### PROBLEM DESCRIPTION
Copy each record exactly as it reads, leaving out any pictures it holds.

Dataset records
>>
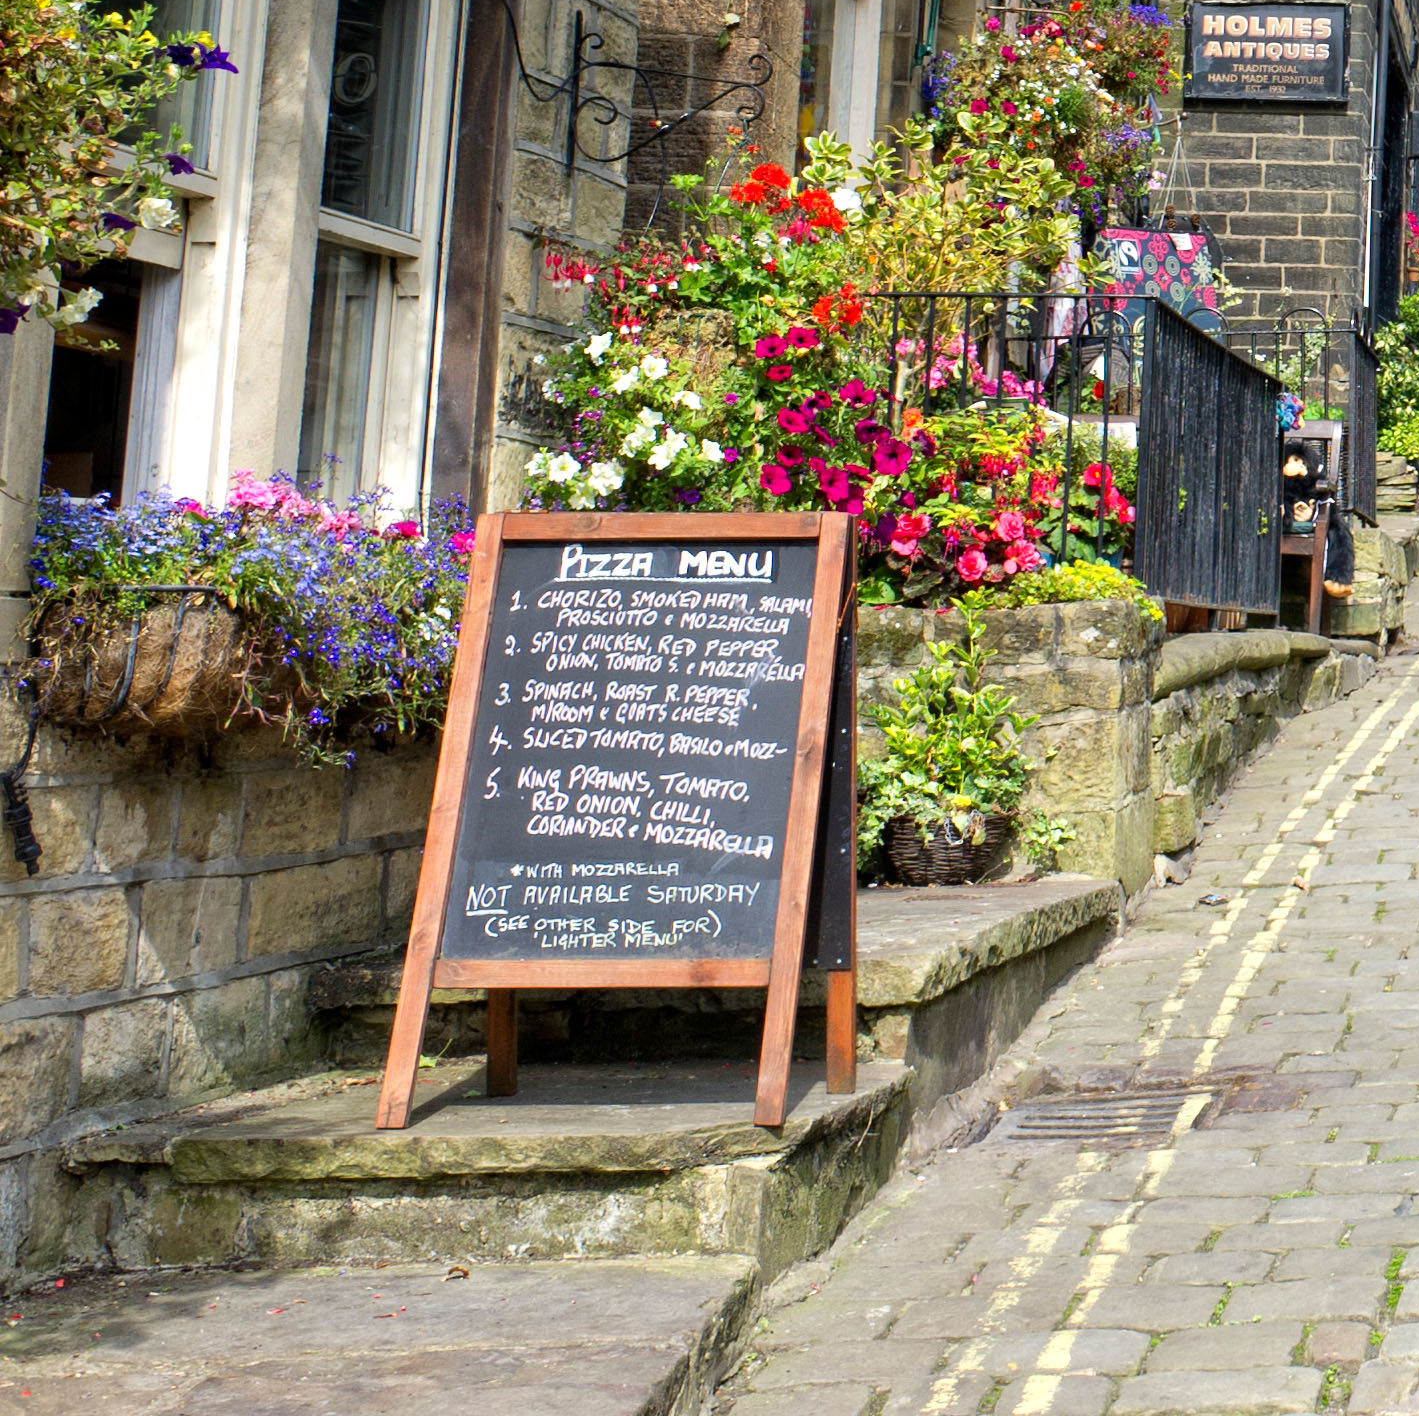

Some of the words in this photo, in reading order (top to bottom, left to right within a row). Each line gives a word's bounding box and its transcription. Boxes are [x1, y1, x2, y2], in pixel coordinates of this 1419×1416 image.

[1202, 14, 1332, 39] HOLMES
[1202, 41, 1330, 61] ANTIQUES
[1207, 73, 1238, 82] HAND
[1241, 74, 1268, 83] MADE
[1272, 75, 1325, 84] FURNITURE
[1233, 64, 1298, 74] TRADITIONAL
[679, 550, 773, 578] MENU
[510, 590, 528, 612] 1.
[537, 588, 623, 611] CHORIZO,
[630, 590, 702, 609] SMOKED
[556, 607, 658, 628] PROSCIUTTO
[680, 612, 790, 635] MOZZARELLA
[504, 635, 521, 657] 2.
[530, 631, 578, 654] SPICY
[582, 631, 653, 655] CHICKEN,
[658, 634, 697, 656] RED
[546, 651, 599, 672] ONION,
[605, 652, 663, 672] TOMATO
[494, 682, 511, 706] 3.
[521, 678, 598, 702] SPINACH,
[604, 680, 658, 702] ROAST
[531, 700, 595, 723] M/ROOM
[615, 702, 667, 724] GOATS
[671, 704, 741, 727] CHEESE
[488, 724, 512, 756] 4.
[523, 726, 588, 749] SLICED
[590, 727, 666, 758] TOMATO,
[483, 766, 502, 800] 5.
[517, 765, 562, 792] KING
[568, 764, 655, 798] PRAWNS,
[531, 790, 569, 812] RED
[650, 800, 715, 828] CHILLI,
[526, 814, 627, 839] CORIANDER
[643, 822, 774, 860] MOZZARELLA
[571, 862, 680, 877] MOZZARELLA
[465, 883, 512, 911] NOT
[523, 884, 632, 906] AVAILABLE
[647, 882, 760, 906] SATURDAY
[484, 915, 530, 938] (SEE
[534, 917, 596, 933] OTHER
[608, 918, 655, 935] SIDE
[672, 909, 722, 938] FOR)
<<
### TASK ANSWER
Some of the words in this photo, in reading order (top to bottom, left to right within a row). Each line gives a word's bounding box and its transcription. Boxes are [x1, y1, x2, y2], in pixel coordinates of this 1419×1416 image.

[1202, 14, 1332, 39] HOLMES
[1202, 41, 1330, 61] ANTIQUES
[1207, 73, 1238, 82] HAND
[1241, 74, 1268, 83] MADE
[1272, 75, 1325, 84] FURNITURE
[1233, 64, 1298, 74] TRADITIONAL
[679, 550, 773, 578] MENU
[510, 590, 528, 612] 1.
[537, 588, 623, 611] CHORIZO,
[630, 590, 702, 609] SMOKED
[556, 607, 658, 628] PROSCIUTTO
[680, 612, 790, 635] MOZZARELLA
[504, 635, 521, 657] 2.
[530, 631, 578, 654] SPICY
[582, 631, 653, 655] CHICKEN,
[658, 634, 697, 656] RED
[546, 651, 599, 672] ONION,
[605, 652, 663, 672] TOMATO
[494, 682, 511, 706] 3.
[521, 678, 598, 702] SPINACH,
[604, 680, 658, 702] ROAST
[531, 700, 595, 723] M/ROOM
[615, 702, 667, 724] GOATS
[671, 704, 741, 727] CHEESE
[488, 724, 512, 756] 4.
[523, 726, 588, 749] SLICED
[590, 727, 666, 758] TOMATO,
[483, 766, 502, 800] 5.
[517, 765, 562, 792] KING
[568, 764, 655, 798] PRAWNS,
[531, 790, 569, 812] RED
[650, 800, 715, 828] CHILLI,
[526, 814, 627, 839] CORIANDER
[643, 822, 774, 860] MOZZARELLA
[571, 862, 680, 877] MOZZARELLA
[465, 883, 512, 911] NOT
[523, 884, 632, 906] AVAILABLE
[647, 882, 760, 906] SATURDAY
[484, 915, 530, 938] (SEE
[534, 917, 596, 933] OTHER
[608, 918, 655, 935] SIDE
[672, 909, 722, 938] FOR)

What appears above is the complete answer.